On a global scale a number of insurers are competing and offering the customers a plethora of products. The customers are demanding quick and better service from the service providers. For the insurance companies to survive competition, they have to upgrade the quality, transparency and integrity to acquire and retain customers in long range. They need a set of offers and the value proposition to be delivered to the target potential customers, which needs a thorough market research to understand the needs of the customers and accordingly launching the products to match with customer’s expectation for which organisations must continuously search for the development of its product and services through marketing innovation and creativity. This will play a very important role in achieving competitive advantage especially in the insurance industry where competition is much stiffed, through the forces of change brought into the industry by recapitalization and consolidation. The study was carried out to find out whether marketing innovation and creativity has an impact on achieving competitive advantage in the insurance industry. The study shows that marketing innovation and creativity are crucial in organisational success. It also concluded that through marketing innovation and creativity, the insurance industry can satisfy their customers which will improve their businesses and achieve a competitive advantage.

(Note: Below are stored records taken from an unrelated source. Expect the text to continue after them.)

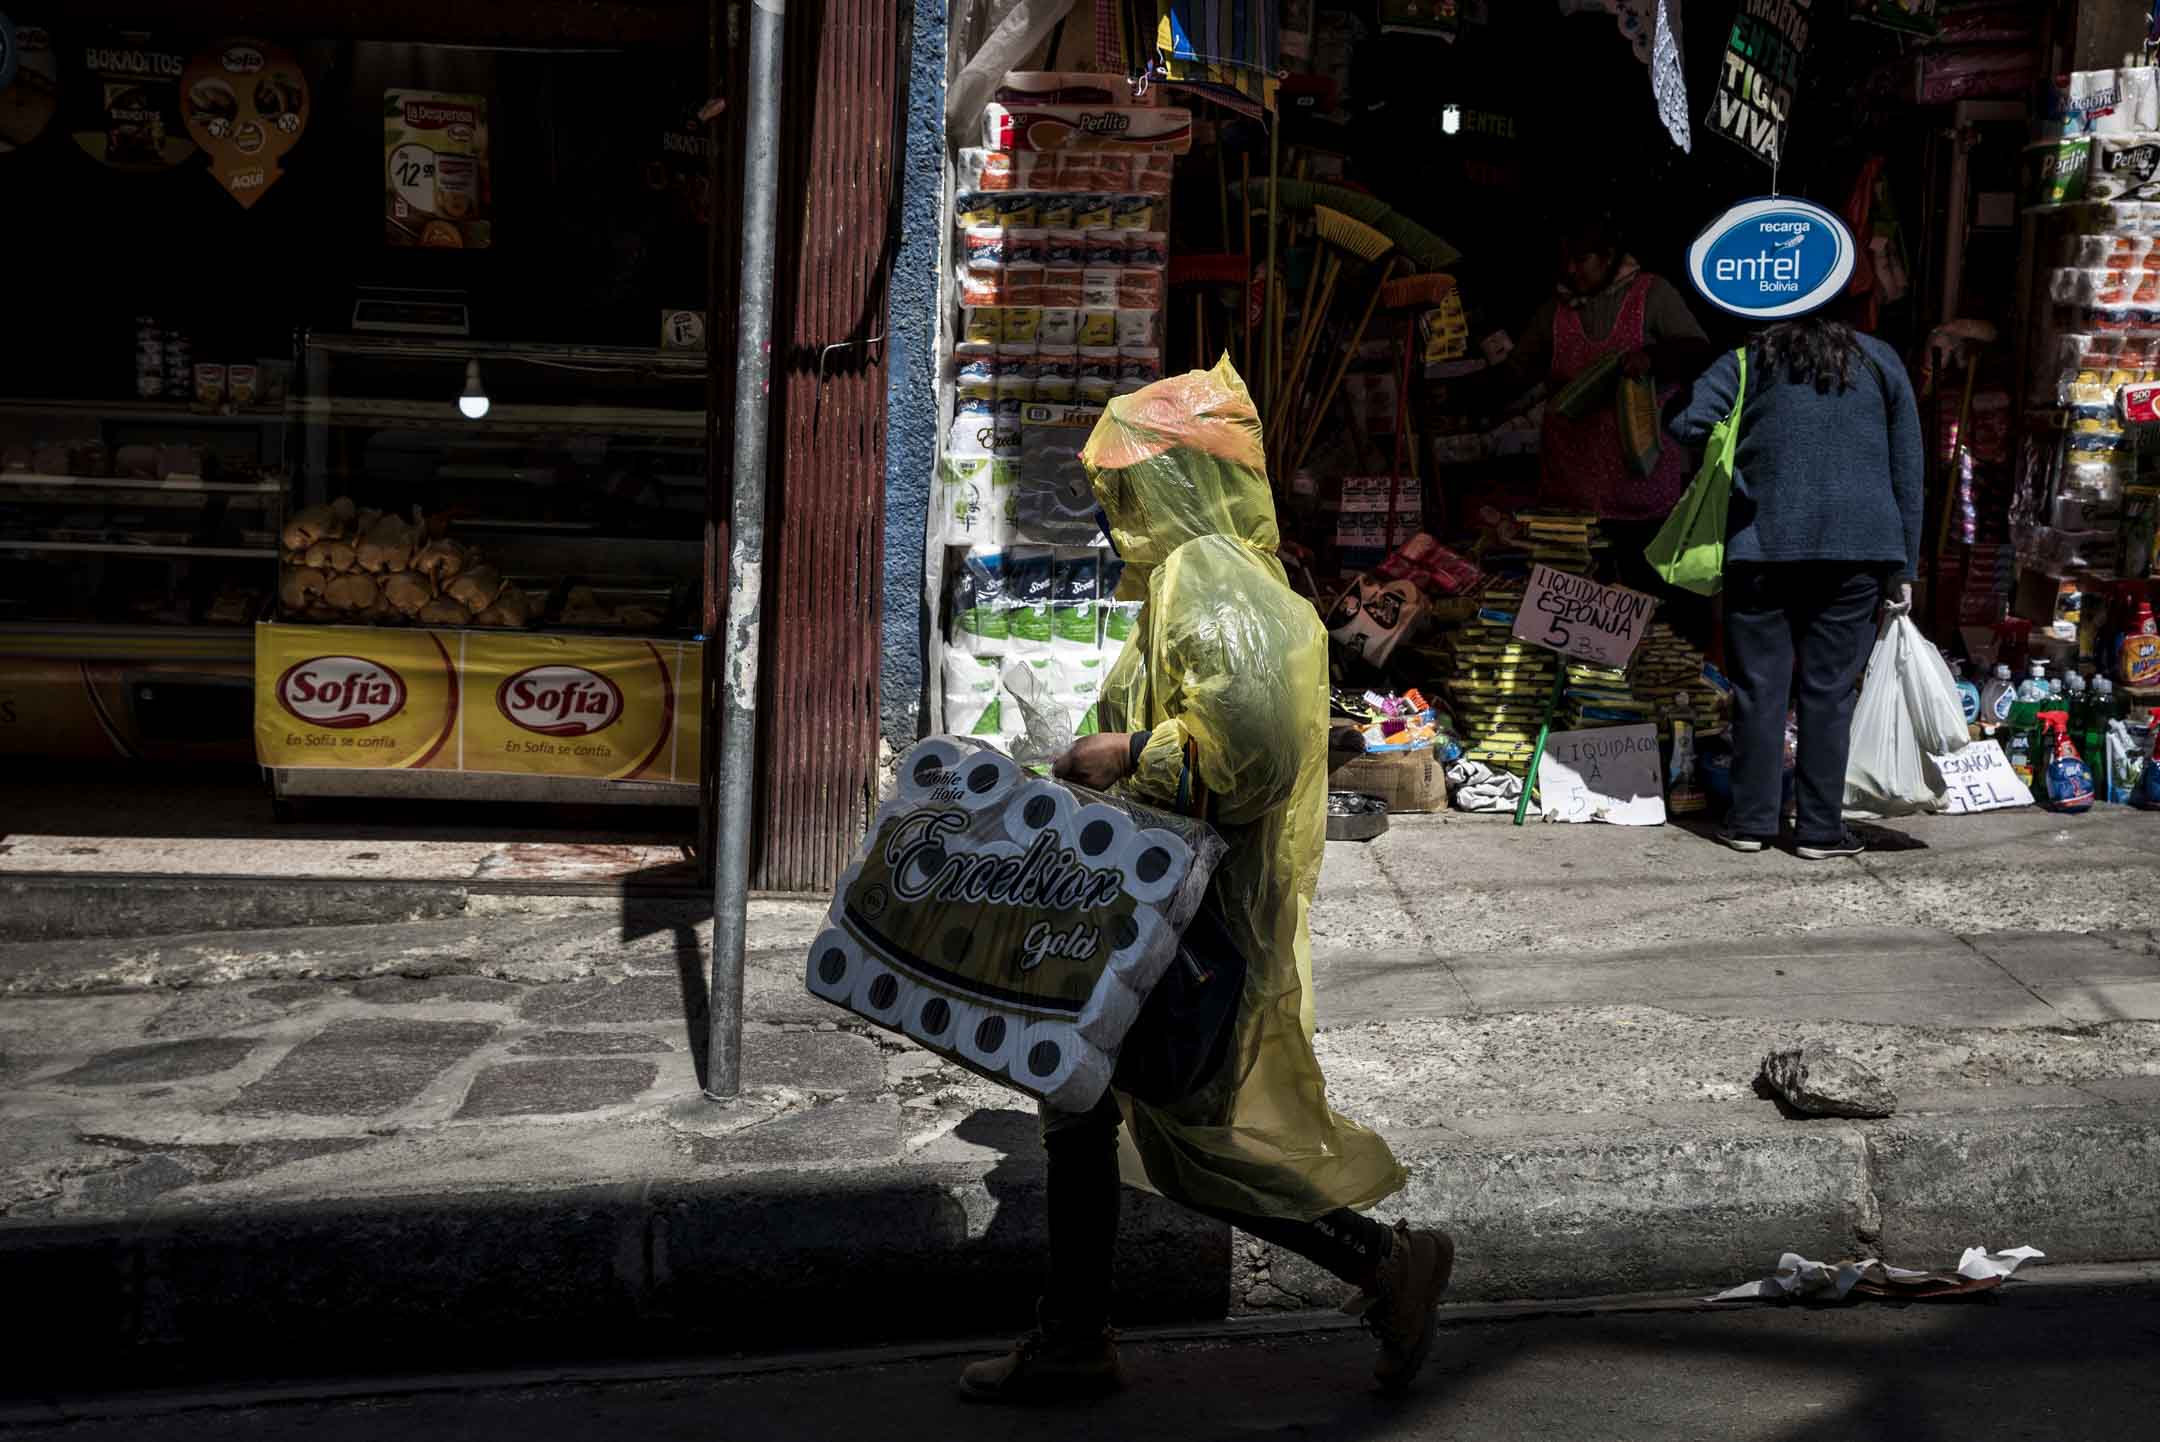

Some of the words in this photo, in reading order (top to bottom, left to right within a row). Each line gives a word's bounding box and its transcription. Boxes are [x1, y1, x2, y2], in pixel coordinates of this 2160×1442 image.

[84, 48, 184, 76] BOKADITOS
[1725, 50, 1793, 122] TIGO
[1079, 113, 1129, 131] Perlita
[1463, 109, 1517, 141] ENTEL
[1719, 88, 1781, 163] VIVA
[2111, 150, 2152, 169] Perlita
[1760, 221, 1811, 234] recarga
[1716, 249, 1800, 281] entel
[1760, 281, 1799, 292] Bolivia
[1537, 567, 1647, 619] LIQUIDACION
[1537, 591, 1632, 640] ESPONJA
[1543, 616, 1573, 647] 5
[292, 672, 391, 712] Sofía
[511, 679, 609, 721] Sofía
[286, 734, 302, 745] En
[304, 734, 337, 746] Sofía
[340, 736, 353, 746] se
[504, 740, 521, 752] En
[524, 741, 554, 754] Sofía
[557, 744, 572, 754] se
[929, 786, 965, 802] Hoja
[1568, 785, 1586, 816] 5
[887, 807, 1122, 911] Excelsior
[1020, 920, 1100, 972] Gold
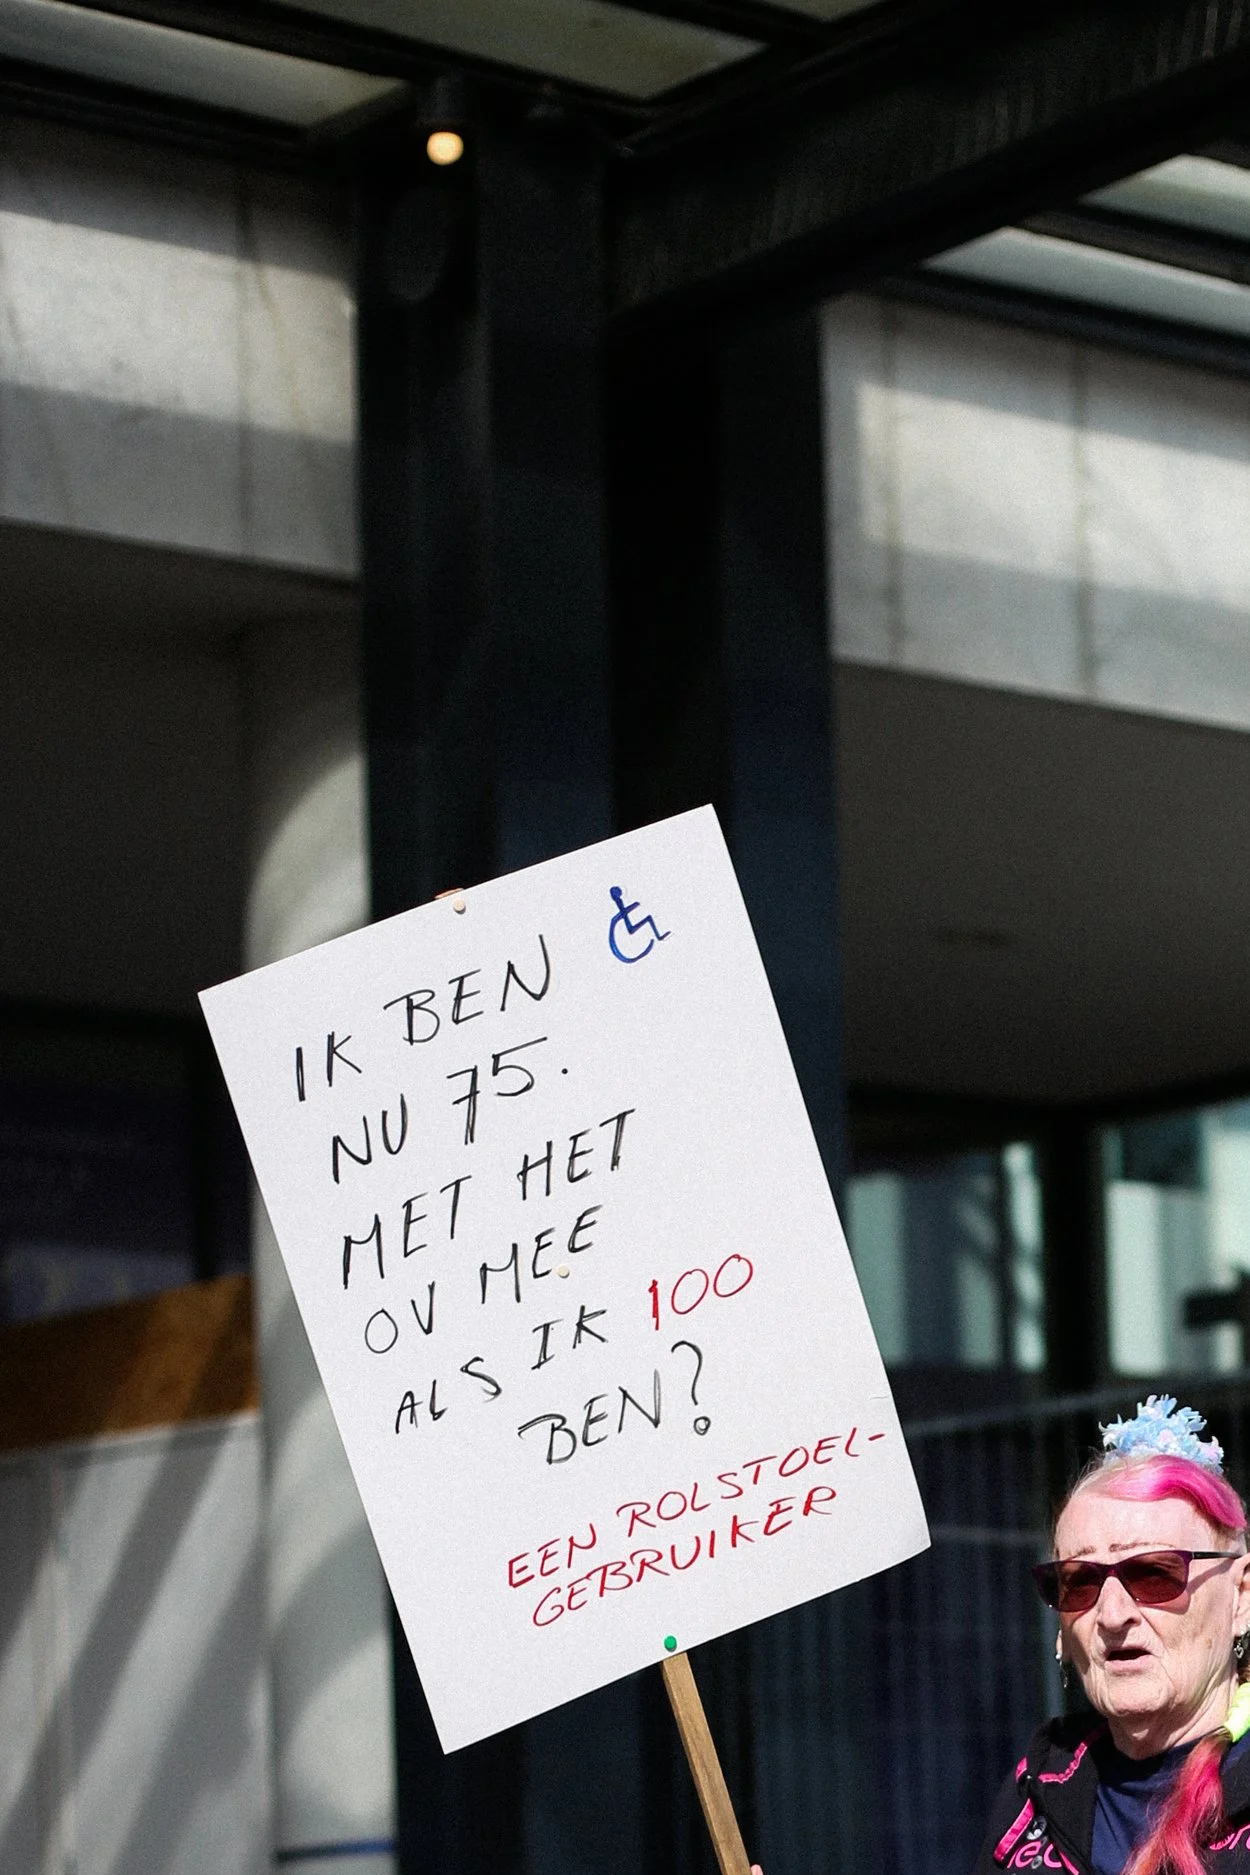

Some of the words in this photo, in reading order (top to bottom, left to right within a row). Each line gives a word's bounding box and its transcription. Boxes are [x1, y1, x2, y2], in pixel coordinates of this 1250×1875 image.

[295, 1031, 363, 1103] IK
[382, 934, 551, 1046] BEN
[331, 1093, 408, 1185] NU
[446, 1036, 570, 1146] 75.
[342, 1175, 472, 1290] MET
[516, 1108, 636, 1201] HET
[363, 1280, 436, 1355] OV
[479, 1205, 602, 1305] MEE
[394, 1356, 503, 1435] ALS
[530, 1304, 609, 1371] IK
[647, 1253, 754, 1331] 100
[517, 1340, 712, 1466] BEN?
[508, 1523, 599, 1589] EEN
[615, 1427, 886, 1538] ROLSTOEL-
[532, 1486, 838, 1627] GEBRUIKER

Keywords: Marketing Strategy & Innovation, Competitive Advantage, Customer Satisfaction
During the last few years, the insurance industry has undergone a series of changes through financial reforms, advancement of communication and information technologies, globalization of financial services and economic development. Those changes have had a considerable effect on efficiency, productivity change, market structure and performance in the insurance industry. There is an established relationship between business strategy, innovation and organizational performance.
The marketing concept emerged in the mid-1950s. Instead of a product-centered, ‘make-and-sell’ philosophy the business shifted to a customer-centered, “sense-and-respond” philosophy. The job is not to find the right customers for your products, but to find the right products for the customers (Kotler and Keller, 2008).
The American Marketing Association, defined marketing as “An organizational function and set of processes for creating, communicating, and delivering value to customers and for managing customer relationships in ways that benefit the organization and its stakeholders”. Marketing management is the art and science of choosing target markets and getting, keeping, and growing customers by creating, delivering, and communicating superior customer value.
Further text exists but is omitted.